### Input data
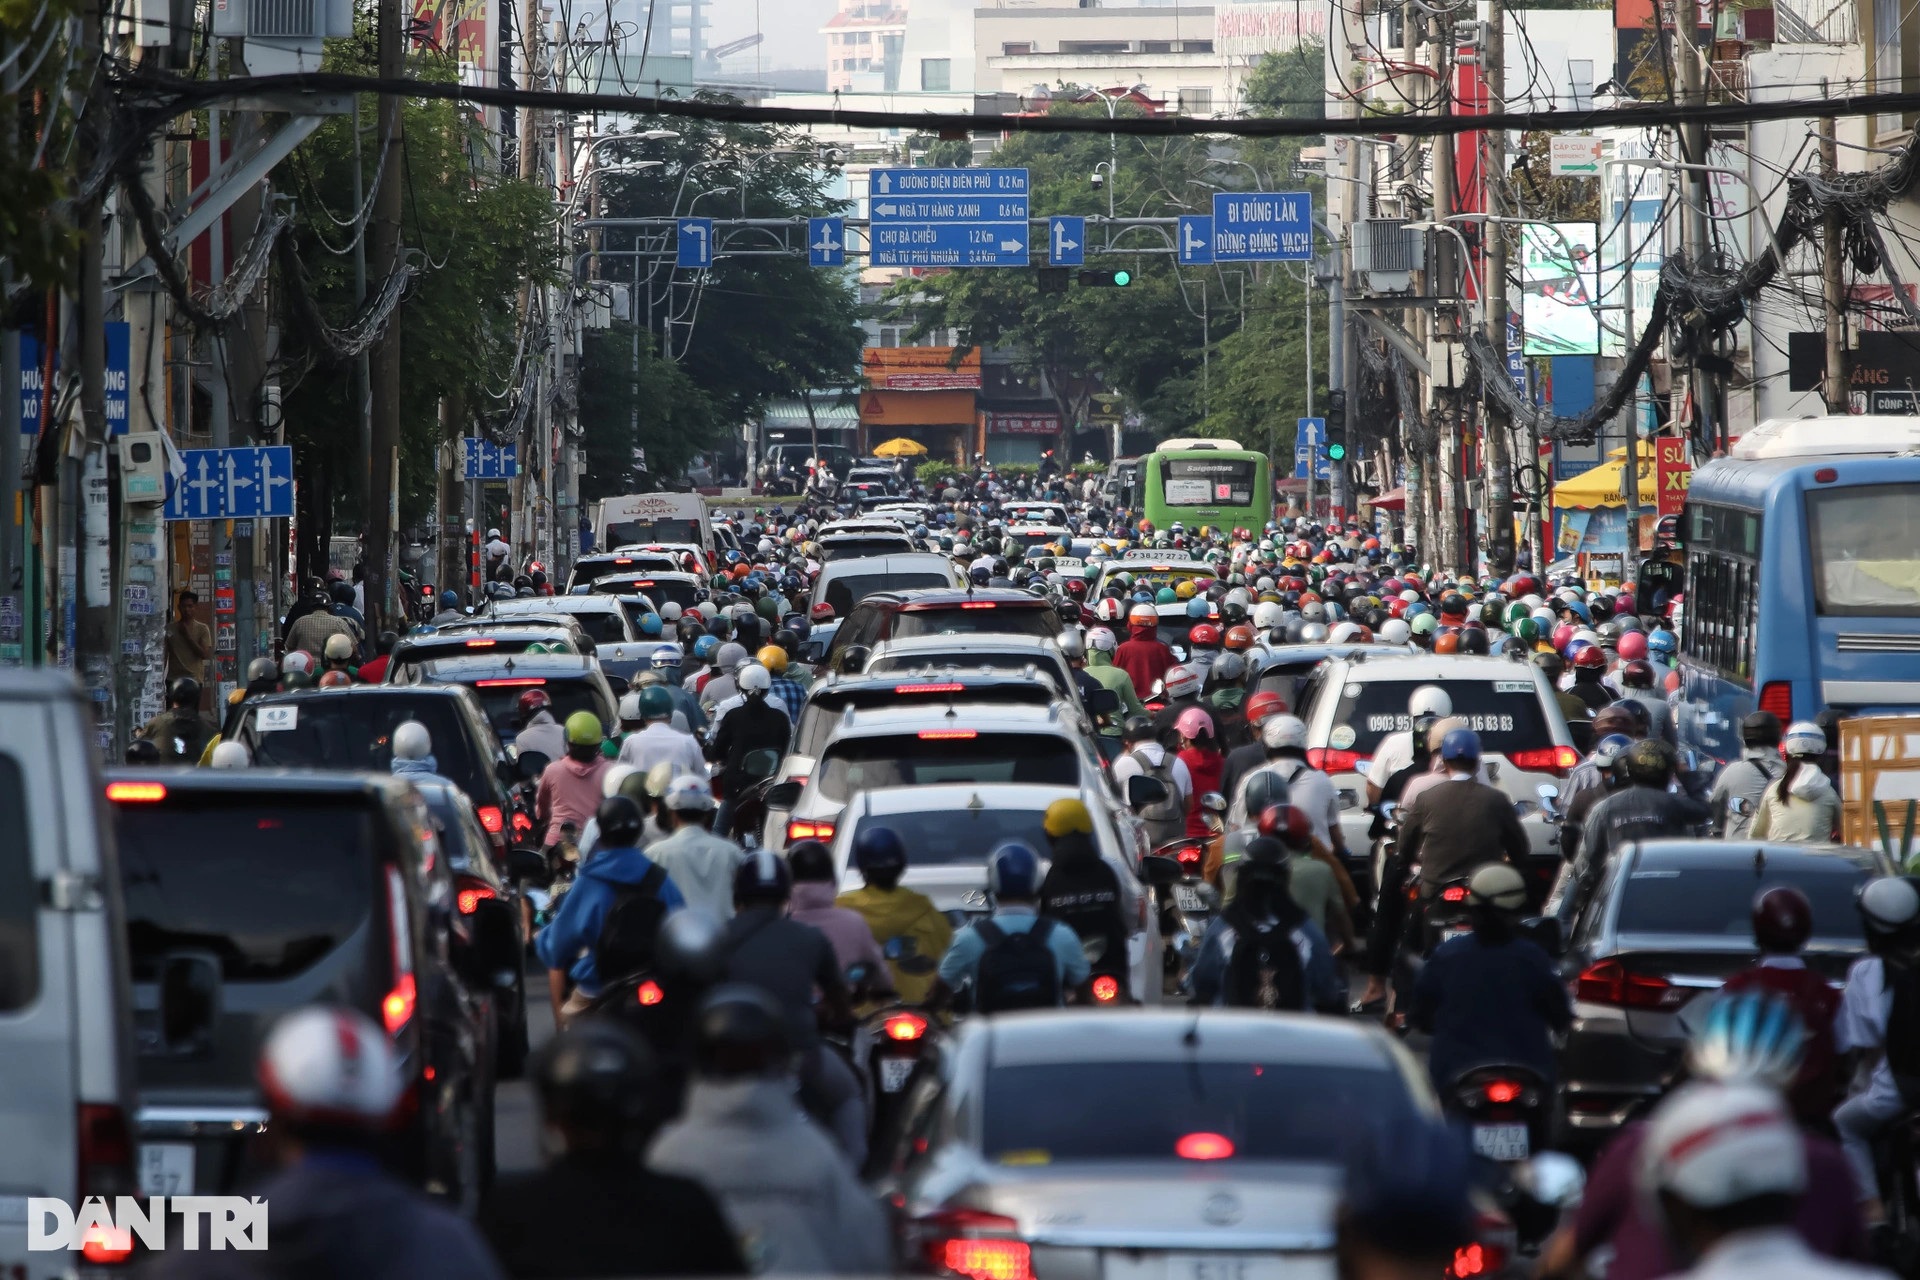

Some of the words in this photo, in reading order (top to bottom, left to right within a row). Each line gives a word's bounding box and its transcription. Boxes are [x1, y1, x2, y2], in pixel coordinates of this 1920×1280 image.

[900, 174, 928, 189] ĐƯỜNG
[931, 174, 950, 190] ĐIỆN
[953, 173, 972, 189] BIÊN
[974, 173, 991, 188] PHỦ
[1012, 176, 1024, 188] Km
[900, 203, 917, 217] NGÃ
[919, 204, 929, 217] TƯ
[932, 202, 954, 217] HÀNG
[957, 205, 980, 217] XANH
[1012, 205, 1024, 217] Km
[1228, 203, 1239, 222] ĐI
[1242, 197, 1272, 222] ĐÚNG
[1275, 197, 1299, 223] LÀN,
[880, 230, 898, 245] CHỢ
[900, 228, 910, 243] BÀ
[981, 231, 994, 243] Km
[1217, 229, 1246, 253] DỪNG
[1250, 229, 1278, 253] ĐÚNG
[1282, 233, 1309, 255] VẠCH
[880, 250, 897, 263] NGÃ
[899, 250, 909, 262] TƯ
[912, 248, 928, 263] PHÚ
[931, 249, 960, 265] NHUẬN
[1850, 364, 1889, 384] ÁNG
[23, 394, 38, 419] XÔ
[106, 394, 125, 420] ĨNH
[1664, 442, 1685, 463] SỬ
[622, 507, 680, 515] LUXURY
[1153, 552, 1164, 560] 27
[1370, 716, 1394, 732] 0903
[1397, 715, 1414, 731] 951
[1472, 716, 1484, 731] 16
[1486, 716, 1499, 731] 83
[1501, 716, 1514, 731] 83

### Your goal
Print the whole listing again exactly, please. No pictures.

### Task solution
Some of the words in this photo, in reading order (top to bottom, left to right within a row). Each line gives a word's bounding box and its transcription. Boxes are [x1, y1, x2, y2], in pixel coordinates of this 1920×1280 image.

[900, 174, 928, 189] ĐƯỜNG
[931, 174, 950, 190] ĐIỆN
[953, 173, 972, 189] BIÊN
[974, 173, 991, 188] PHỦ
[1012, 176, 1024, 188] Km
[900, 203, 917, 217] NGÃ
[919, 204, 929, 217] TƯ
[932, 202, 954, 217] HÀNG
[957, 205, 980, 217] XANH
[1012, 205, 1024, 217] Km
[1228, 203, 1239, 222] ĐI
[1242, 197, 1272, 222] ĐÚNG
[1275, 197, 1299, 223] LÀN,
[880, 230, 898, 245] CHỢ
[900, 228, 910, 243] BÀ
[981, 231, 994, 243] Km
[1217, 229, 1246, 253] DỪNG
[1250, 229, 1278, 253] ĐÚNG
[1282, 233, 1309, 255] VẠCH
[880, 250, 897, 263] NGÃ
[899, 250, 909, 262] TƯ
[912, 248, 928, 263] PHÚ
[931, 249, 960, 265] NHUẬN
[1850, 364, 1889, 384] ÁNG
[23, 394, 38, 419] XÔ
[106, 394, 125, 420] ĨNH
[1664, 442, 1685, 463] SỬ
[622, 507, 680, 515] LUXURY
[1153, 552, 1164, 560] 27
[1370, 716, 1394, 732] 0903
[1397, 715, 1414, 731] 951
[1472, 716, 1484, 731] 16
[1486, 716, 1499, 731] 83
[1501, 716, 1514, 731] 83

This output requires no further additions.